# Silvia Pro sneak peek from SCG



## allikat (Jan 27, 2020)

Coming very soon:






Comments?


----------



## spasypaddy (Apr 11, 2016)

no gail, im ooooot


----------



## Mrboots2u (May 10, 2013)

> 47 minutes ago, allikat said:
> 
> Coming very soon:


 Too much money for too little functionality versus the completion .


----------



## MediumRoastSteam (Jul 7, 2015)

I like the LED on top of the steam tap (I don't really 🙂 ) Personally, I think it's rubbish. Too much money, nothing really innovative. many, many years too late.


----------



## Jasetaylor (Jul 31, 2020)

Wondering if the Pro carries through the poor design features of the Silvia -

Steel frame which rusts with ease.

Shallow drip tray which needs to be tilted to remove thus reducing the volume and inducing scratches into that frame. (Rust)

Solenoid valve which dumps water onto the frame right at a seam. (Rust)

Poor design of the water tank tubing access (which allows condensation from the tank to run out and down the silicon tubing and onto the rear of the frame. (Rust)

Shallow access under the group head.

All of the above are enough for me to avoid this machine at £1350. I currently live with a Silvia and having stripped it down and experienced it's flaws I'm astounded that after 23 years this product has not addressed the numerous issues which largely revolve around the crappy steel frame (temp imbalance aside). I have the feeling of apathy from Rancilio regarding the development of the Silvia.

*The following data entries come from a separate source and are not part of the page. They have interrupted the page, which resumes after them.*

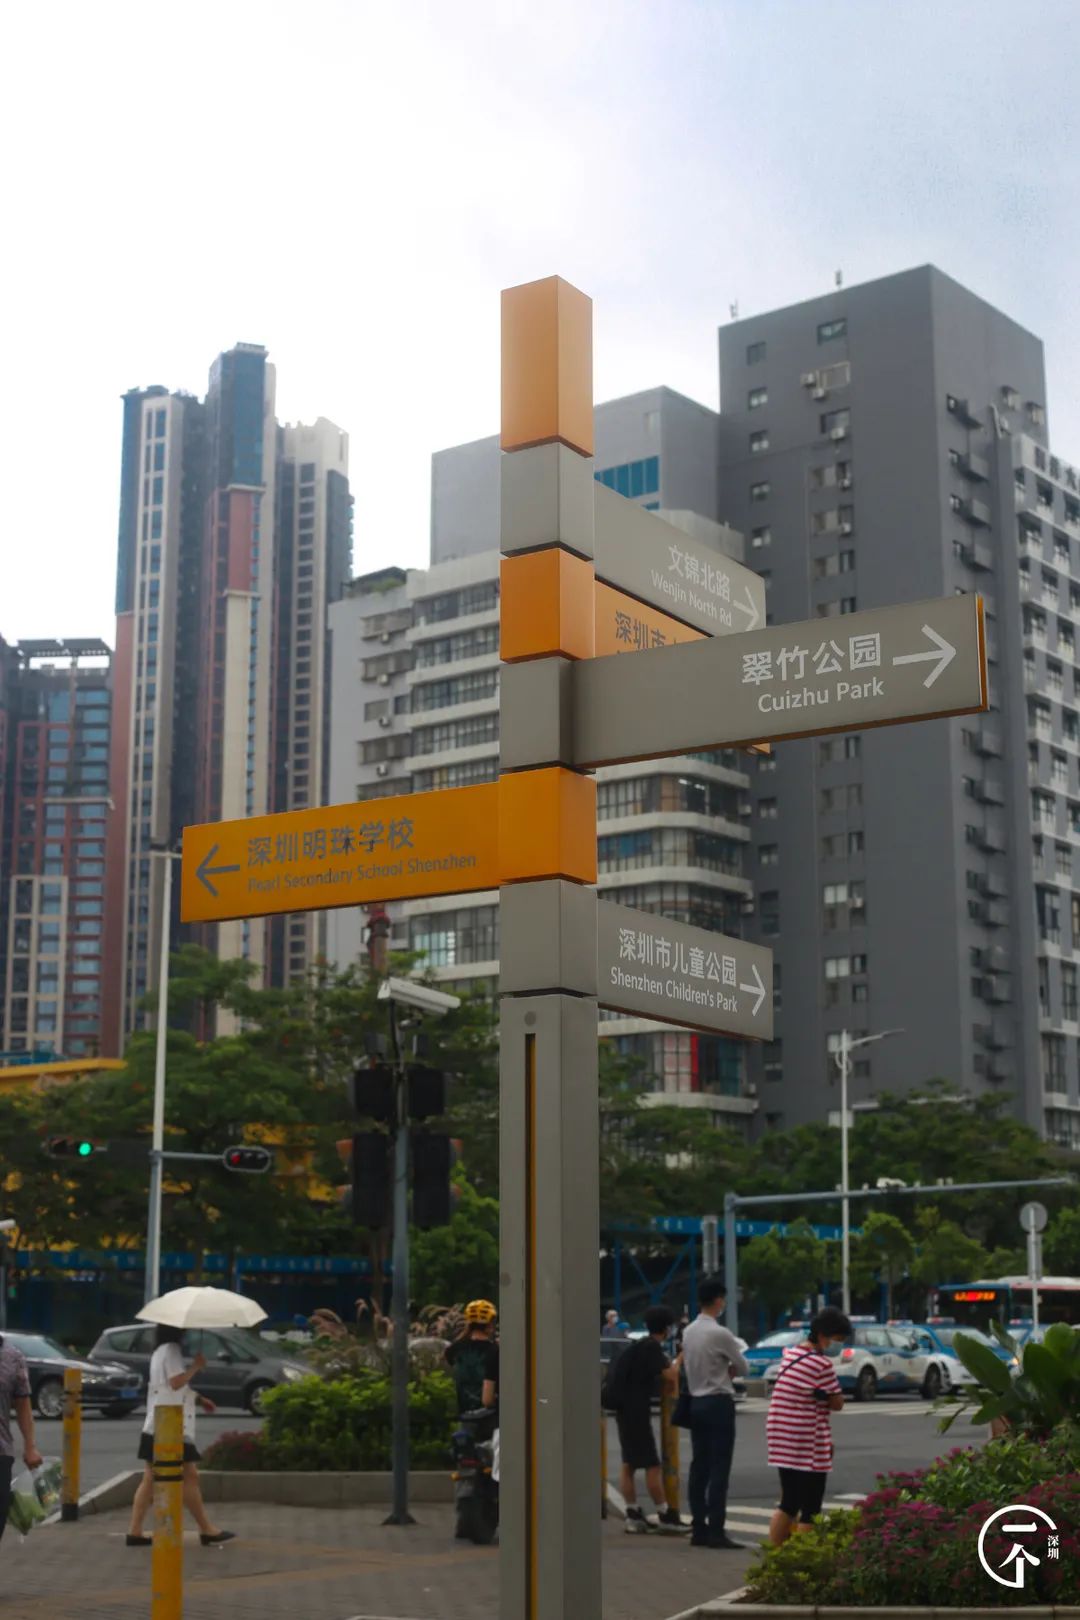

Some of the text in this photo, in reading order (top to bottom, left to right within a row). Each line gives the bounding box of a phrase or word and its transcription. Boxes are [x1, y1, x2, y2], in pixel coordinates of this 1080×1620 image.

[651, 569, 732, 627] Wenjin North Rd
[668, 544, 730, 602] 文锦北路
[614, 609, 677, 650] 深圳市
[742, 632, 881, 685] 翠竹公园
[758, 676, 885, 713] Cuizhu Park
[247, 816, 415, 868] 深圳明珠学校
[248, 853, 477, 893] Pearl Secondary School Shenzhen
[618, 927, 737, 987] 深圳市儿童公园
[610, 966, 738, 1013] Shenzhen Children's Park

The PID on the pro looks very basic, the sort of basic cheap PID I would expect to see as standard on the Silvia at its current RRP and temperate instability.


----------



## DavecUK (Aug 6, 2013)

I did give some engineering feedback on the Silvia many years ago....they ignored me.


----------



## phario (May 7, 2017)

I was intrigued to see that on the profile side, it looked to be about the same size as the Classic...then I saw the side view, LOL.



Jasetaylor said:


> Wondering if the Pro carries through the poor design features of the Silvia -
> 
> Steel frame which rusts with ease.
> 
> ...


 Having spent more time with the Silvia (alongside my Classic), I agree with a lot of these comments. I was a bit surprised at how much less functional the Silvia design was for the home market. The Silvia is touted as more "solidly built" than the Classic, and yet there are many fewer chassis problems on the Classic, with its thinner stainless steel body and plastic dip tray. This reminds me of the push to make phones out of aluminium or glass, despite the fact that plastic phones would hold up for much longer. Heavier does not always mean better.

You also did not mention the flaking plastic grouphead cover (though I guess that was 'fixed' when the Silvia went to the black ABS version).

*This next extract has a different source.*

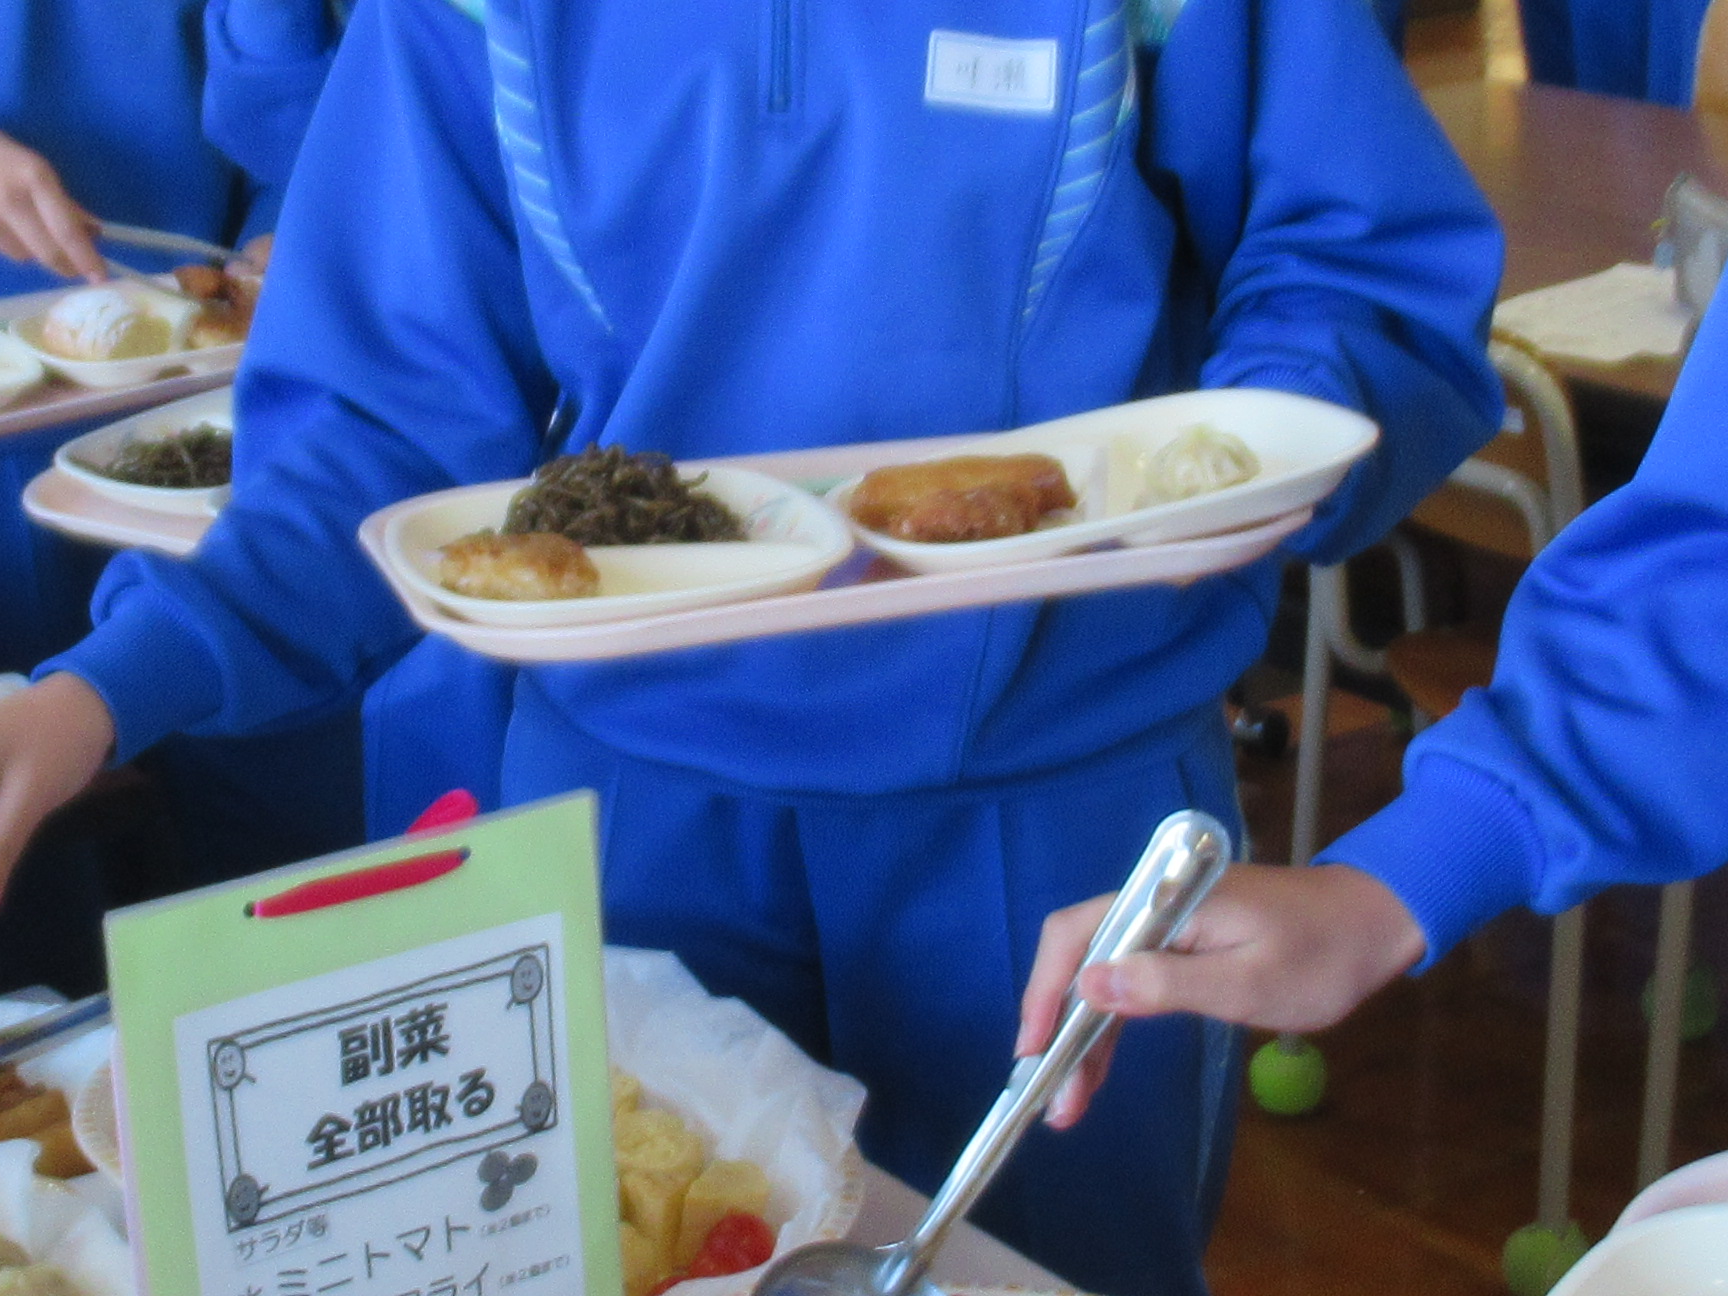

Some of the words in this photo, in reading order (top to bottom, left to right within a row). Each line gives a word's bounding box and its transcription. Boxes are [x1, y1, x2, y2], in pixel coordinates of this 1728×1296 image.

[338, 1003, 451, 1086] 副菜
[305, 1067, 496, 1171] 全部取る

The Silvia's original design is not particularly efficient, either, with a lot of wasted space for little purpose (I wonder if the body is wider than necessary because of their logo).



DavecUK said:


> I did give some engineering feedback on the Silvia many years ago....they ignored me.

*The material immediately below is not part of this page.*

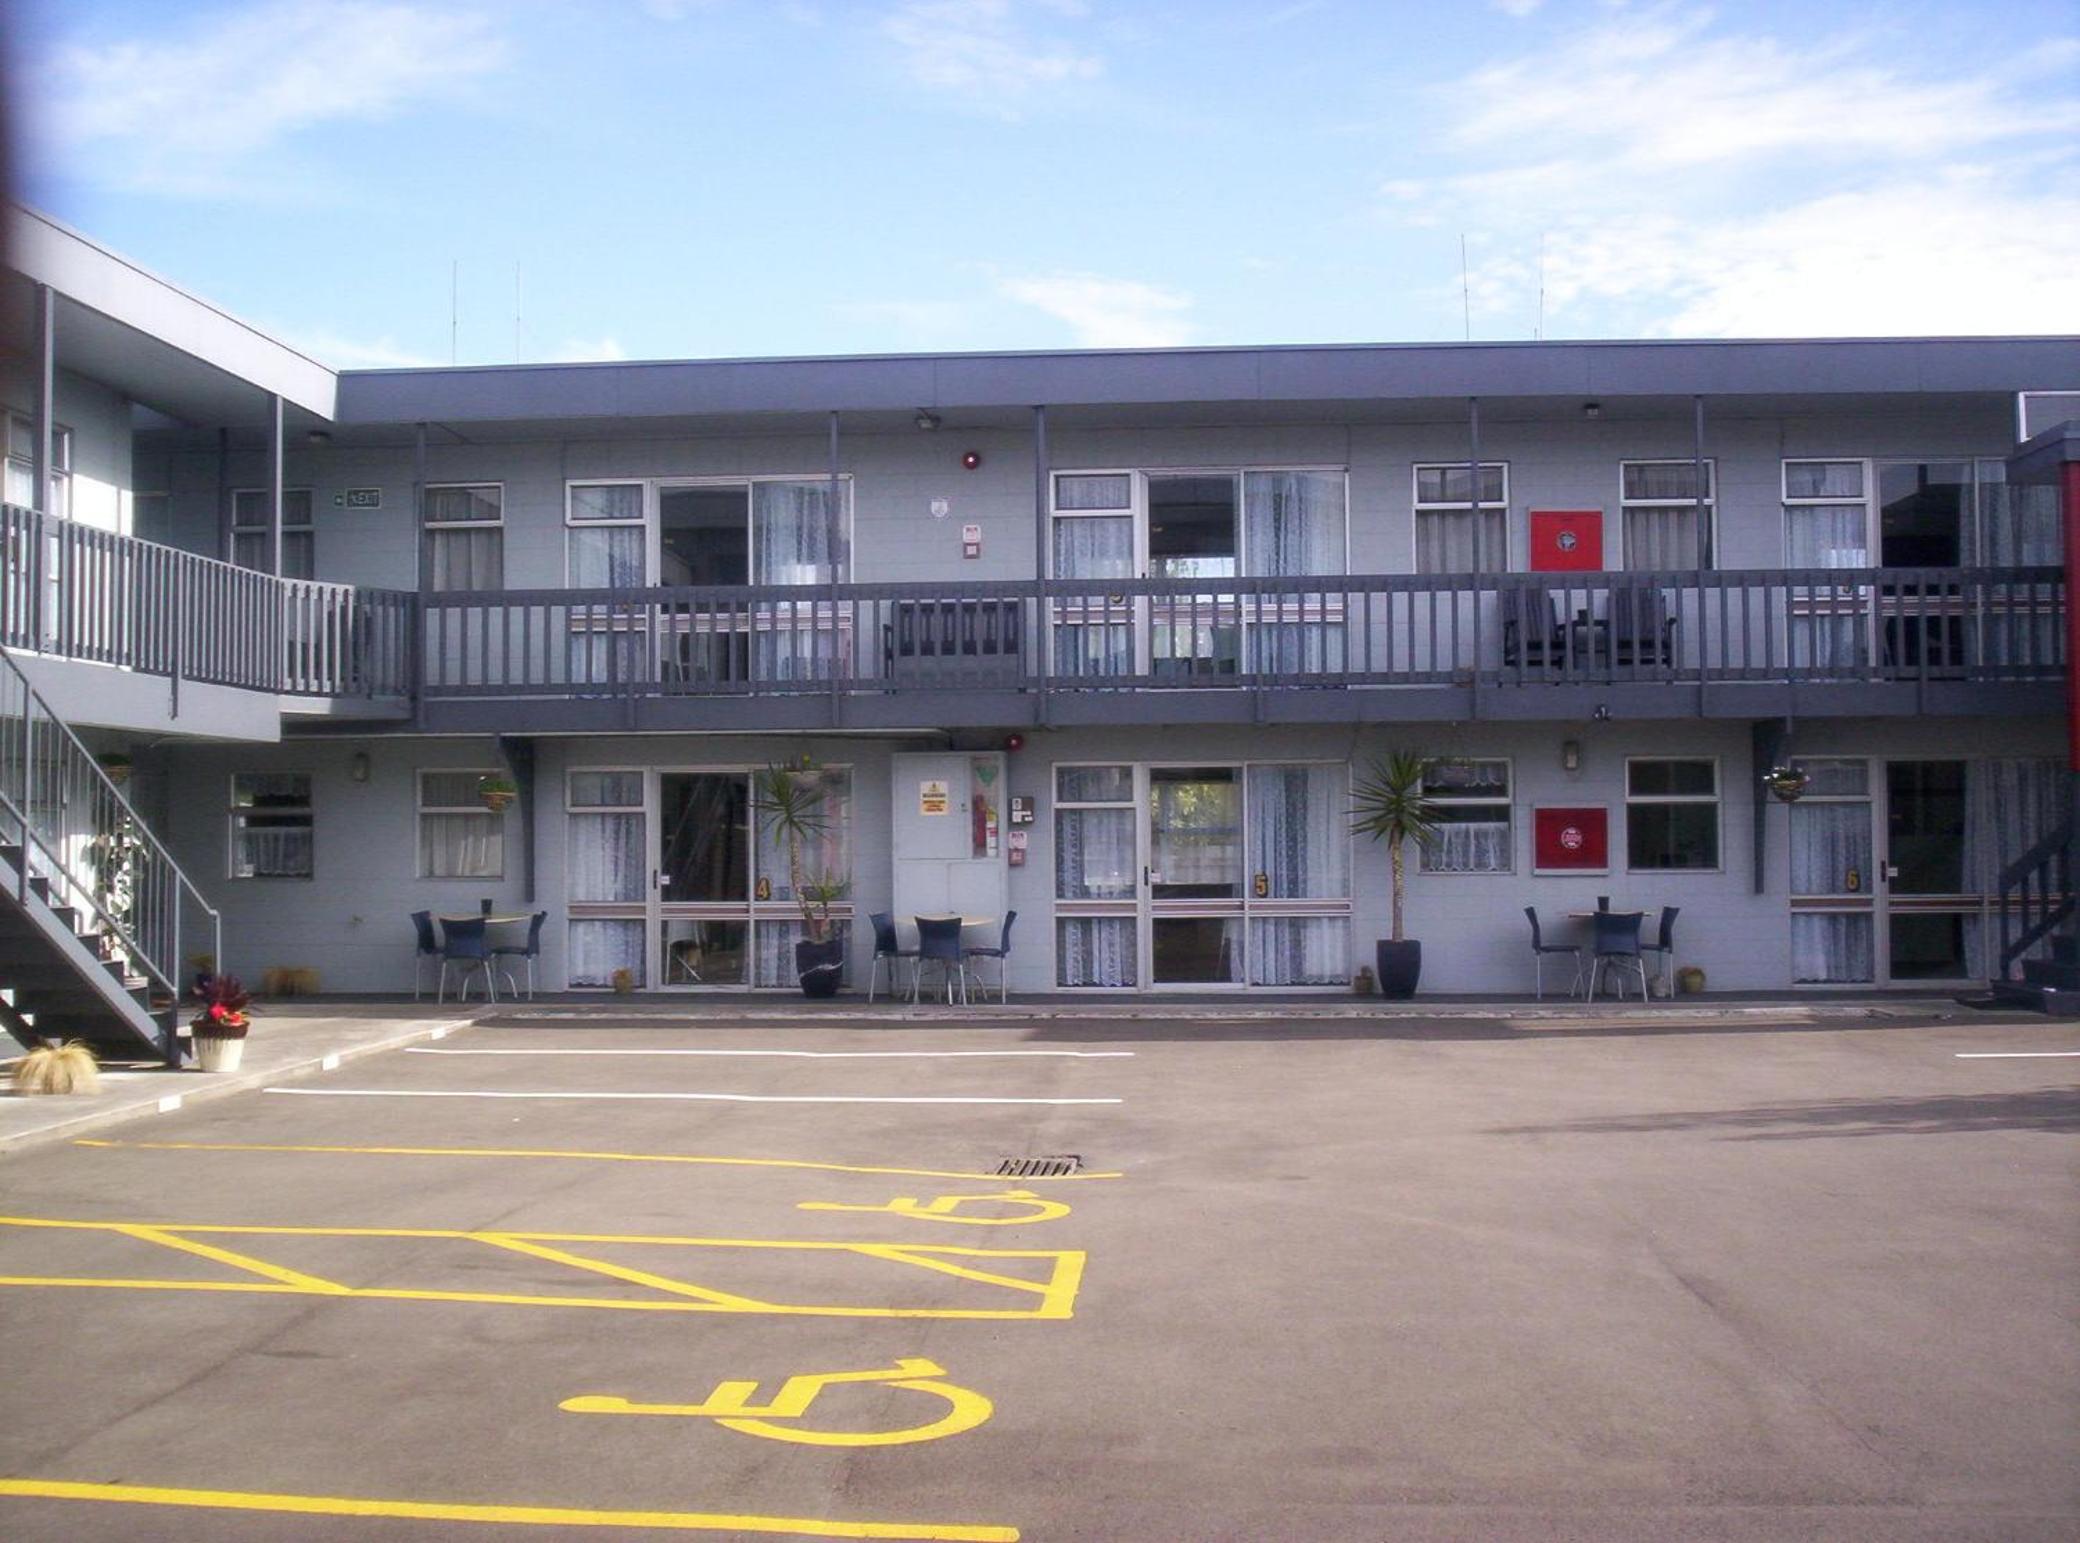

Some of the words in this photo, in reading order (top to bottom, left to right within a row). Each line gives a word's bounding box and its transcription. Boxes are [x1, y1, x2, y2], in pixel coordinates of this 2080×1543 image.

[757, 878, 769, 900] 4
[1256, 874, 1267, 896] 5
[1847, 869, 1859, 890] 6

 What were the things you pointed out?


----------



## espressoSquirrel (Jul 24, 2020)

Jasetaylor said:


> Poor design of the water tank tubing access (which allows condensation from the tank to run out and down the silicon tubing and onto the rear of the frame. (Rust)


 I dismantled my silvia to try and find a mystery leak, it was weeks later I realised this was happening.

The shallow access under the grouphead might be fixed as the pictures show its a fair bit taller


http://imgur.com/orjz8OO


but i wouldn't be surprised if lots of these issues are present, you can see from the pictures


----------



## DavecUK (Aug 6, 2013)

phario said:


> What were the things you pointed out?


 Sadly I can't say but a lot more than has already been mentioned. I was relatively unimpressed with the machine for the money...no offence intended to Silvia owners.


----------



## Blue_Cafe (Jun 22, 2020)

MediumRoastSteam said:


> I like the LED on top of the steam tap (I don't really 🙂 ) Personally, I think it's rubbish. Too much money, nothing really innovative. *many, many years too late*.


 Absolutely.


----------



## Blue_Cafe (Jun 22, 2020)

I don't understand why they call it a Silvia Pro when its now a dual boiler machine.


----------



## espressoSquirrel (Jul 24, 2020)

well saying that I could buy 2 silvia's and the most expensive pid for the same price it's a pretty odd choice for anyone.


----------



## phario (May 7, 2017)

DavecUK said:


> Sadly I can't say but a lot more than has already been mentioned. I was relatively unimpressed with the machine for the money...no offence intended to Silvia owners.


 I'm thinking about writing a short 'article' about the rise of the Silvia in the 90s and early 00s.

In my opinion, the current sentiment about the Silvia is almost all attributed to its rise in the early 00s before the introduction of the Classic and other alternatives. At this point, it was a huge steal at its price point, and there wasn't much that was on the market of comparable value. From Mark Prince's 2007 Silvia v3 review:



> These changes constitute the latest revision in a machine that was first introduced in late 1997 as a prototype gift machine meant for Rancilio's best importers and vendors - something the company didn't initially intend to sell. Since that time, the Rancilio Silvia has become the best selling espresso machine above $300, and has far outpaced most of the market, including most commercial machines in terms of numbers sold.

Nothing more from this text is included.